MSS (Maximal Sprint Speed) come fattore protettivo
Paradossalmente, il meccanismo che provoca l’infortunio è anche il suo principale fattore protettivo. Se un giocatore non raggiunge regolarmente la propria Velocità Massima di Sprint (MSS) durante gli allenamenti (almeno una o due volte a settimana a >95 %), gli ischiocrurali non saranno adattati quando verrà richiesto quello sforzo all’80° minuto di una partita. Lo sprint massimo coordinato è il vero “vaccino” neuromuscolare.
Fasi del recupero biologico e tempi di stop
Se la lesione si è già verificata, il trattamento deve rispettare rigorosamente i tempi biologici dei tessuti, sostituendo il riposo assoluto con un riposo attivo.
Tabella dei tempi di stop stimati in base al grado clinico
| Grado della lesione | Tipo di danno strutturale | Tempi stimati di stop |
|---|---|---|
| Grado 0 | Allungamento funzionale delle fibre senza rottura macroscopica | Da 5 a 8 giorni |
| Grado 1 | Microlesione di un numero ridotto di fibre muscolari | Da 15 a 25 giorni |
| Grado 2 | Lesione parziale moderata (coinvolgimento miofasciale o delle fibre) | Da 20 a 35 giorni |
| Grado 3 | Rottura completa o avulsione tendinea dell’ischio | Da 2 a 4 mesi (può richiedere un intervento chirurgico) |
Cronologia della riatletizzazione
- Prime 48-72 ore: fase acuta. Mobilizzazione senza impatto (cyclette leggera) per stimolare il flusso sanguigno nella zona e contrazioni isometriche submassimali (senza movimento) per evitare l’atrofia da inattività.
- A partire dal giorno 7: se non c’è dolore, si inizia con lavoro concentrico progressivo e corsa lineare leggera.

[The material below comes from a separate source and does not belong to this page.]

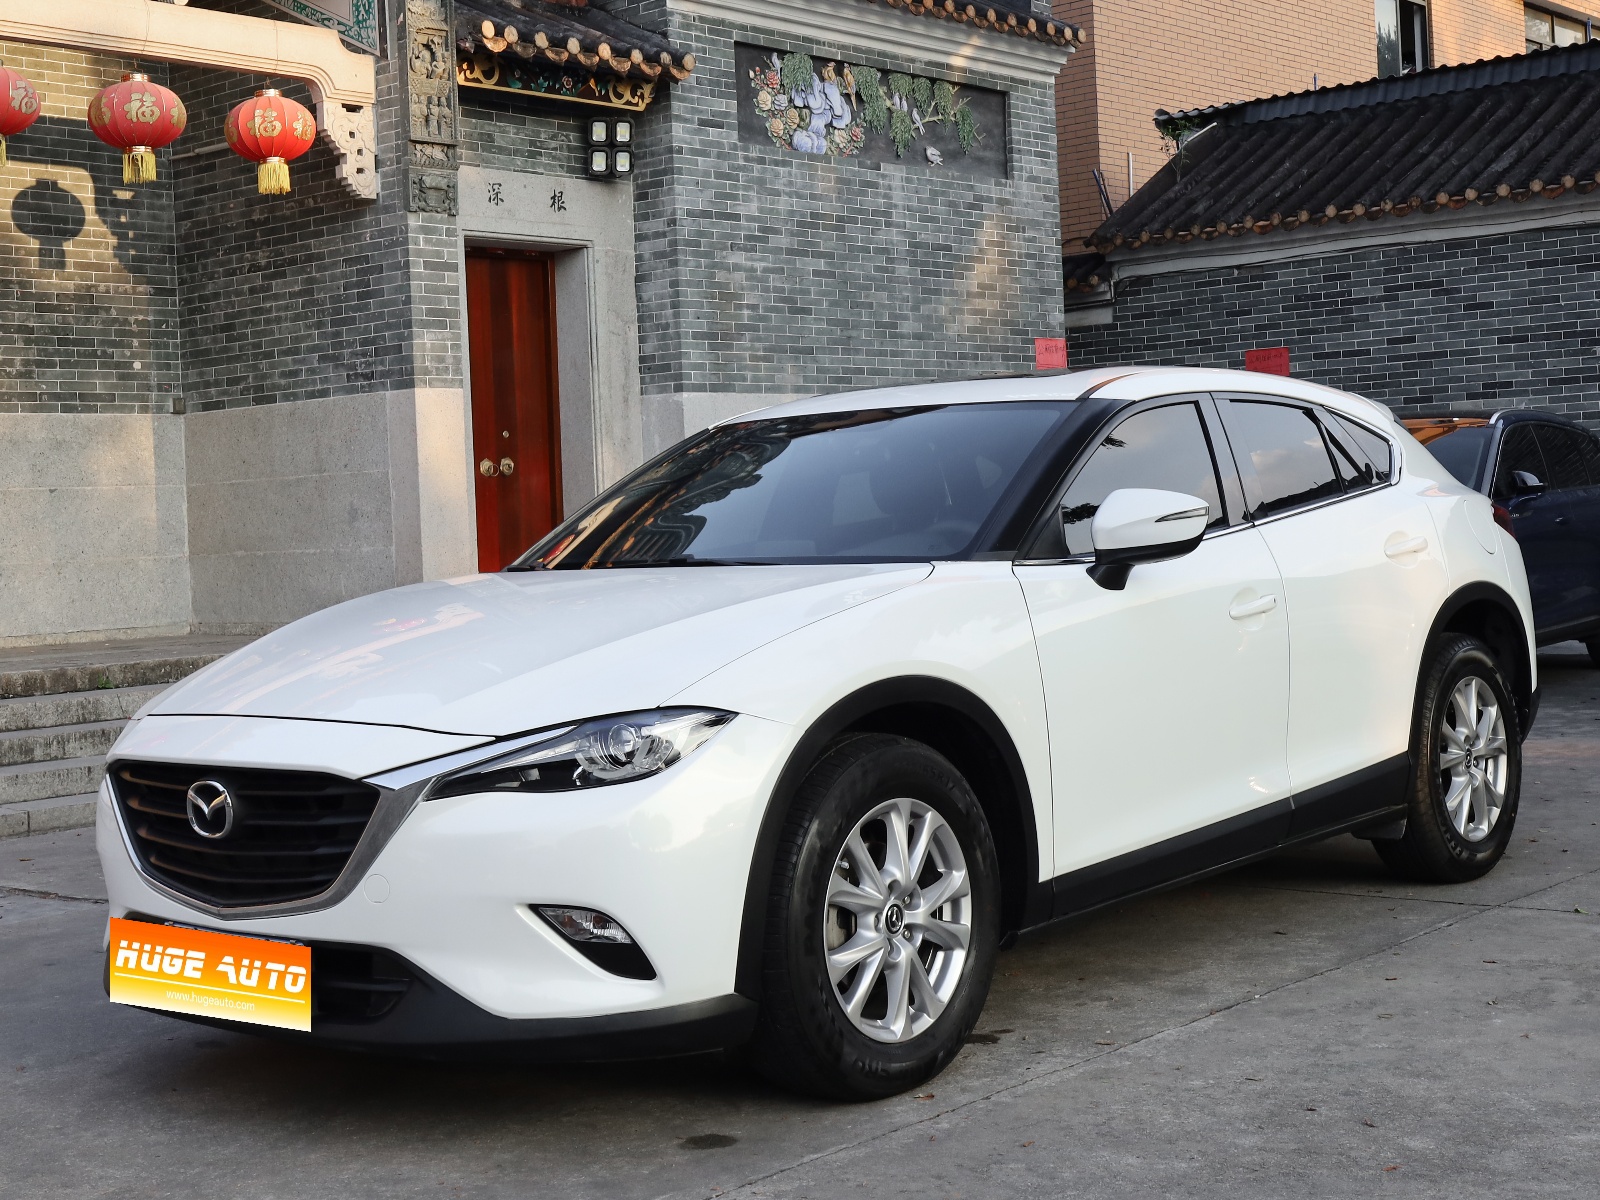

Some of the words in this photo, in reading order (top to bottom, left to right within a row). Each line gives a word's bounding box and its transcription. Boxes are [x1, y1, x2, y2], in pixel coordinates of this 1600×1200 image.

[11, 80, 38, 114] 福
[123, 91, 161, 124] 福
[246, 108, 282, 138] 福

- Fase finale: reintroduzione di cambi di direzione, calci al pallone e sprint progressivi prima del Return to Play.
Conclusione
La lesione agli ischiocrurali nel calcio è un evento complesso, ma non inevitabile. Combinando un allenamento intelligente della forza eccentrica, dosi controllate di sprint alla massima velocità e un protocollo di nutrizione biologica focalizzato sulla riparazione dei tessuti, non solo ridurrai drasticamente le possibilità di recidiva, ma tornerai in campo come un calciatore più forte, veloce e resiliente.
Affidati sempre a professionisti della salute e della preparazione atletica per personalizzare queste indicazioni in base alle esigenze del tuo infortunio.
Bibliografia e fonti:
- Jones, A., Jones, G., Greig, N., Bower, P., Brown, J., Hind, K., & Francis, P. (2019). Epidemiology of injury in English Professional Football players: A cohort study. Physical therapy in sport, 35, 18-22.
- Buckthorpe, M., Gimpel, M., Wright, S., Sturdy, T., & Stride, M. (2018). Hamstring muscle injuries in elite football: translating research into practice.
- Chang, J. S., Kayani, B., Plastow, R., Singh, S., Magan, A., & Haddad, F. S. (2020). Management of hamstring injuries: current concepts review. The Bone & Joint Journal, 102(10), 1281-1288.
- Mendiguchia, J., Alentorn-Geli, E., & Brughelli, M. (2012). Hamstring strain injuries: are we heading in the right direction?
- Lahti, J., Mendiguchia, J., Ahtiainen, J., Anula, L., Kononen, T., Kujala, M., … & Edouard, P. (2020). Multifactorial individualised programme for hamstring muscle injury risk reduction in professional football: protocol for a prospective cohort study. BMJ Open Sport & Exercise Medicine, 6(1), e000758.